(Source data)
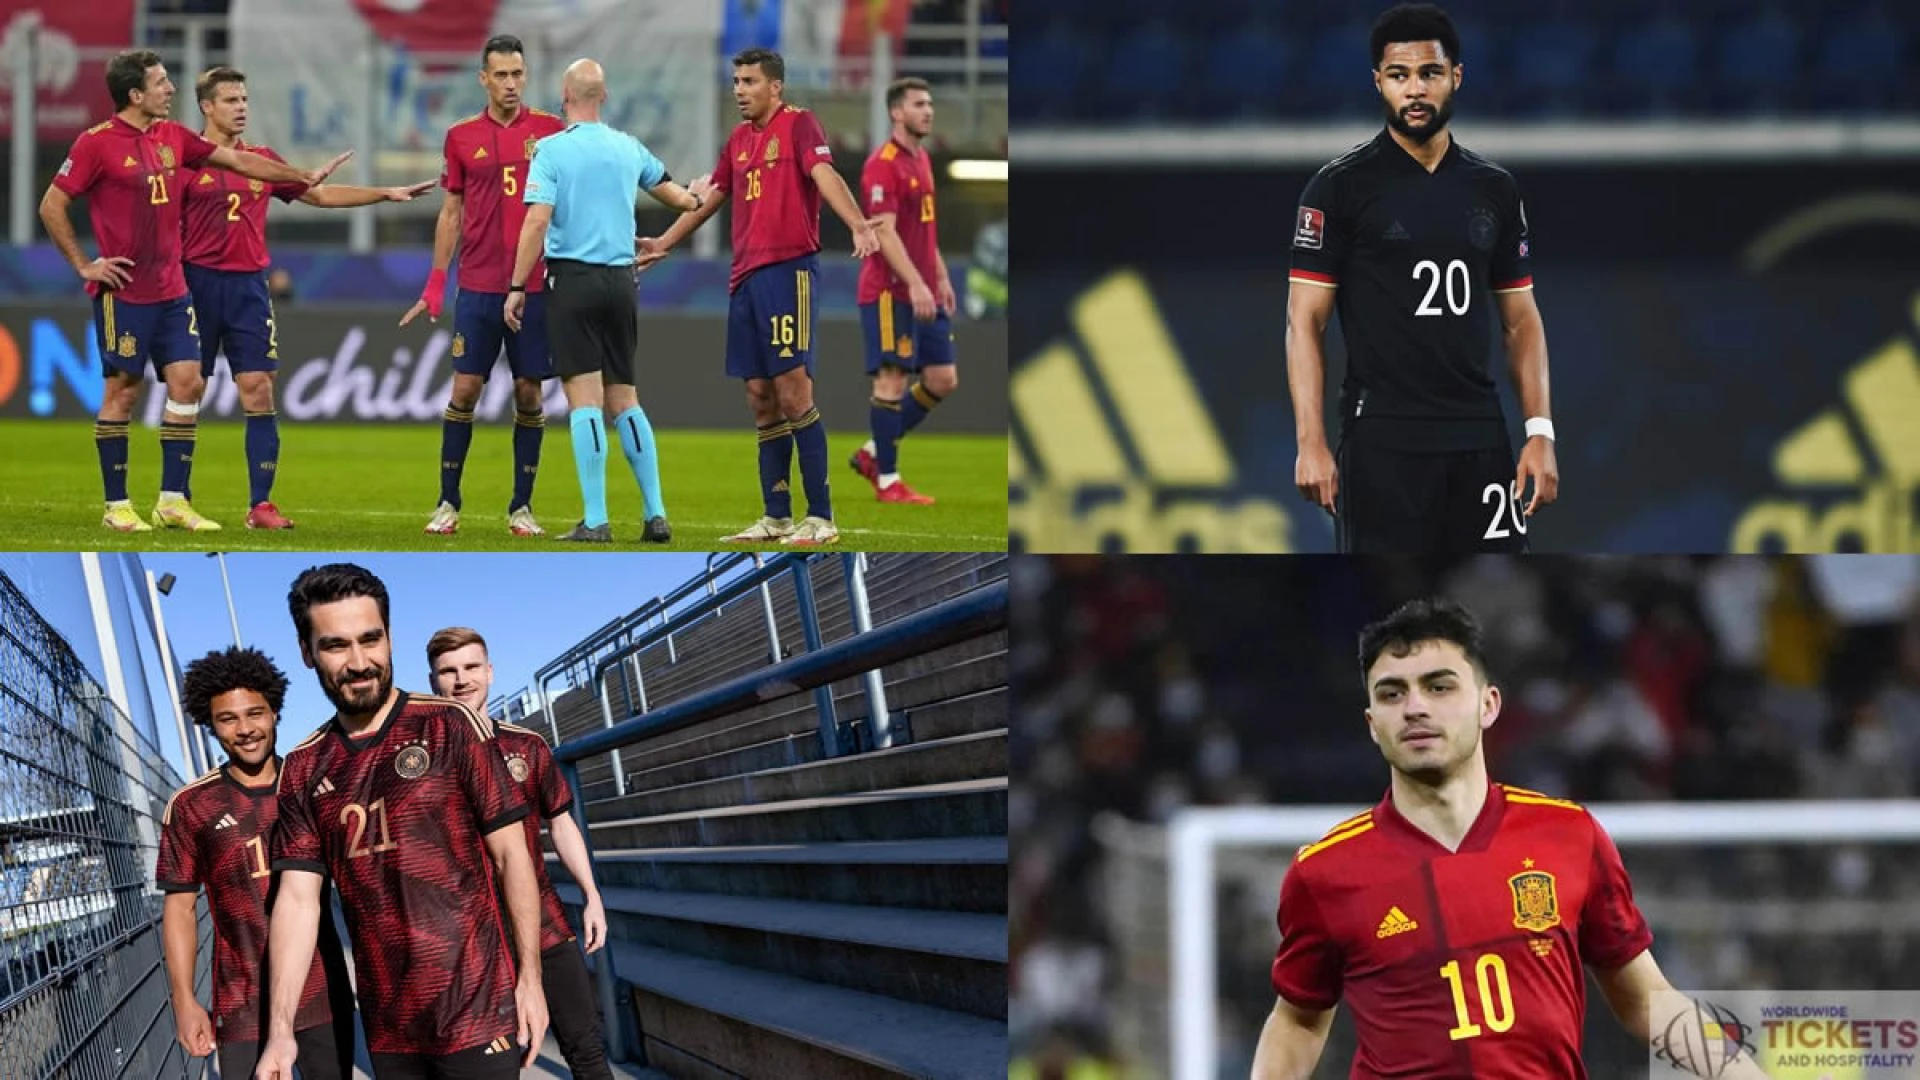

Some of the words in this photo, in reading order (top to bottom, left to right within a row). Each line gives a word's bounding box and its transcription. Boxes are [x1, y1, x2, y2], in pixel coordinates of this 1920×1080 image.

[147, 173, 169, 205] 21
[503, 166, 518, 196] 5
[745, 168, 761, 201] 16
[227, 193, 241, 221] 2
[1412, 259, 1471, 316] 20
[770, 314, 794, 345] 16
[340, 797, 398, 858] 21
[1376, 919, 1418, 939] adidas
[1440, 953, 1516, 1041] 10
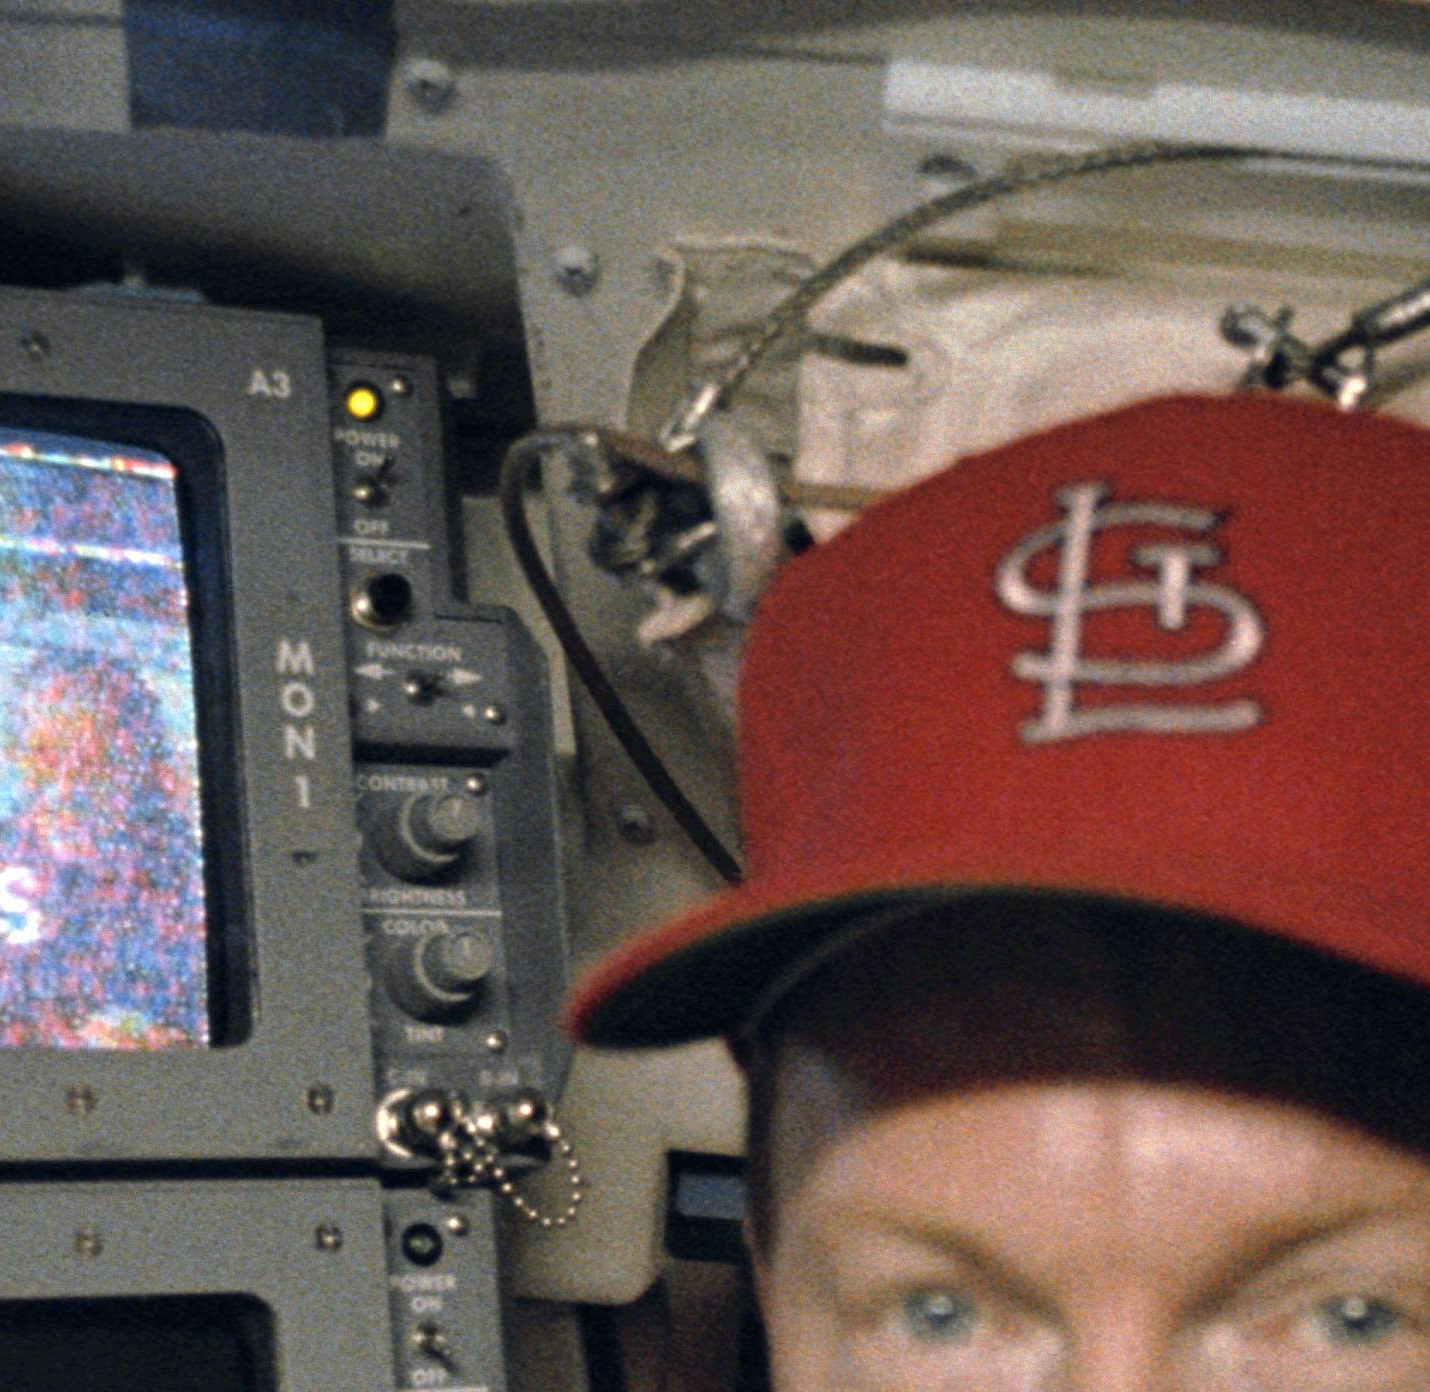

What needs to be done => Every line above is to be given again exactly, apart from the pictures.

Answer below =>
Some of the words in this photo, in reading order (top to bottom, left to right within a row). Each line gives a word's bounding box and its transcription. Boxes are [x1, y1, x2, y2], in pixel coordinates of this 1920×1080 image.

[147, 173, 169, 205] 21
[503, 166, 518, 196] 5
[745, 168, 761, 201] 16
[227, 193, 241, 221] 2
[1412, 259, 1471, 316] 20
[770, 314, 794, 345] 16
[340, 797, 398, 858] 21
[1376, 919, 1418, 939] adidas
[1440, 953, 1516, 1041] 10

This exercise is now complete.